A large coalition of student and professional athletes and advocacy groups are calling on the National Collegiate Athletic Association to boycott Idaho over a law banning transgender girls and women from female high school and college sports teams.

If the NCAA heeds this call, like it did in 2016 when it moved championship games out of North Carolina in response to a bill regulating transgender bathroom use, that would mean moving the first and second round 2021 NCAA Men's Basketball Championship games that are scheduled to be held at Boise State University.

In three separate letters — one signed by more than 400 student-athletes, including two BSU athletes and others from schools such as Washington University in St. Louis, Lafayette College, and Colorado State University; one by 48 professional athletes including soccer star Megan Rapinoe, former professional tennis player Billie Jean King, NBA players Jason Collins and Reggie Bullock, and Chris Mosier, a transgender triathlete who has been an outspoken opponent of the new Idaho law; and one by 60 advocacy groups including the American Civil Liberties Union, Lambda Legal, the Trevor Project and the Southern Poverty Law Center — the athletes and organizations called on the NCAA not to hold any events in Idaho in 2021 and beyond.

"We have seen the impact when the NCAA chooses inclusivity," the student-athletes wrote in their letter." In 2016, the NCAA took a powerful stand against anti-LGBTQ discrimination in North Carolina by moving championship games out of the state, thus affirming its commitment to holding events that promote an inclusive atmosphere. Additionally, for nearly 15 years, the NCAA withheld South Carolina from hosting championships until the Confederate flag was removed from statehouse grounds. Similarly, this moment again calls for leadership and commitment to providing an inclusive and equitable environment for student athletes."

The North Carolina law, which all three letters referenced, preempted local anti-discrimination ordinances and required people to use the bathrooms in school and public facilities matching their sex on their birth certificates. The bill led to widespread protests and boycotts of North Carolina, and the bathroom portion was repealed in 2017. 

"When North Carolina passed HB2 in 2016, the most extreme anti-LGBTQ law in the country at the time, the NCAA recognized that a law targeting transgender people’s access to restrooms went against their values, and subsequently relocated championship games from North Carolina," the advocacy groups wrote in their letter. "Like HB2, HB500 strikes directly at the core of the NCAA’s values, going even further in excluding students from college athletics."

House Bill 500, also called the Fairness in Women's Sports Act, was sponsored by former college basketball coach Rep. Barbara Ehardt, R-Idaho Falls, and passed the Legislature this year on mostly party-line votes. Ehardt said she is proud to have authored the bill.

"Title IX changed my life," Ehardt said. "It provided opportunities for girls and women that previously had only been reserved for boys and men. I know firsthand that we simply cannot compete against the inherent physiological and scientifically proven advantages that biological males possess, regardless of hormone usage."

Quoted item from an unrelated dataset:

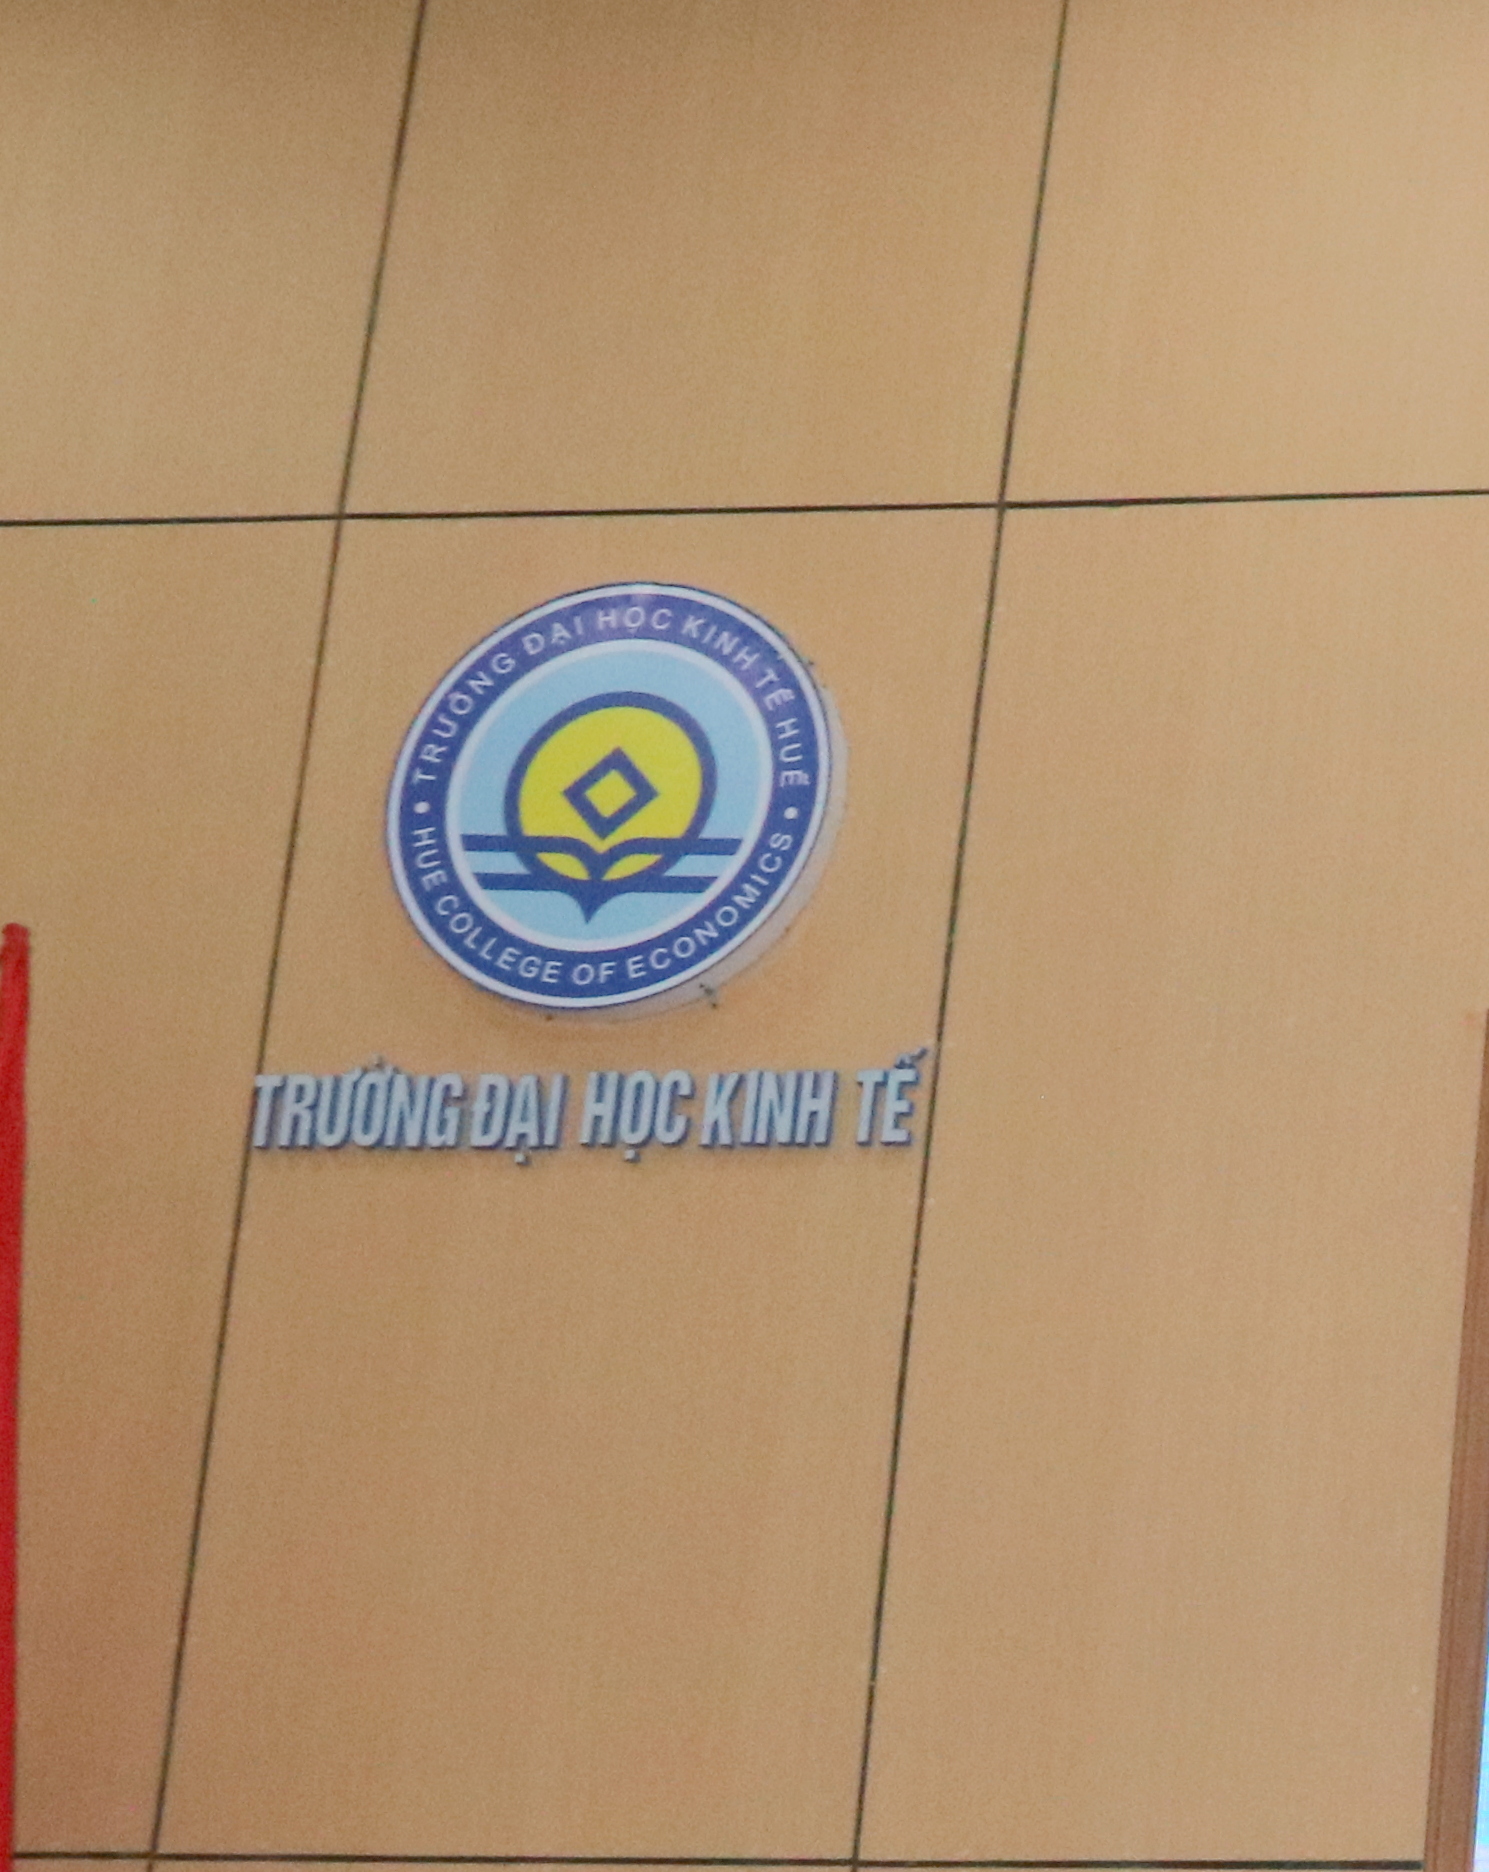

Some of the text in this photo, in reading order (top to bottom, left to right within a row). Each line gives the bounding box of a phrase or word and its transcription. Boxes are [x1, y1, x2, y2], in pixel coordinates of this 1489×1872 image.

[598, 606, 672, 634] HỌC
[681, 614, 760, 672] KINH
[411, 825, 793, 987] HUE COLLEGE OF ECONOMICS
[251, 1046, 930, 1165] TRƯỜNG ĐẠI HỌC KINH TẾ

The ACLU of Idaho and the feminist group Legal Voice are challenging the law in federal court. The bill's supporters said it protects opportunities from women and girls by keeping them from having to compete against athletes who have advantages from being born male.

"Certainly I am disappointed to see fellow female athletes not support and encourage the success of girls and women as they pursue their own dreams," Ehardt said. "Maintaining a fair playing field that allows us to also stand atop the podium and experience the joys of winning is essential to this legislation. We do not want to lose almost 50 years of progress."

The NCAA lets transgender girls and women compete on female teams if they have been receiving hormone treatment for at least a year, and it issued a statement earlier this year opposing House Bill 500. The organization didn't immediately respond to a request for further comment on Wednesday's letters.

"Transgender athletes deserve the same dignity and respect entitled to all NCAA athletes," said Rodrigo Heng-Lehtinen, deputy executive director for policy and action with the National Center for Transgender Equality. "Because of HB 500, that simply isn’t possible in Idaho. We applaud the NCAA for speaking out against HB 500 and now encourage them to back up their words with action."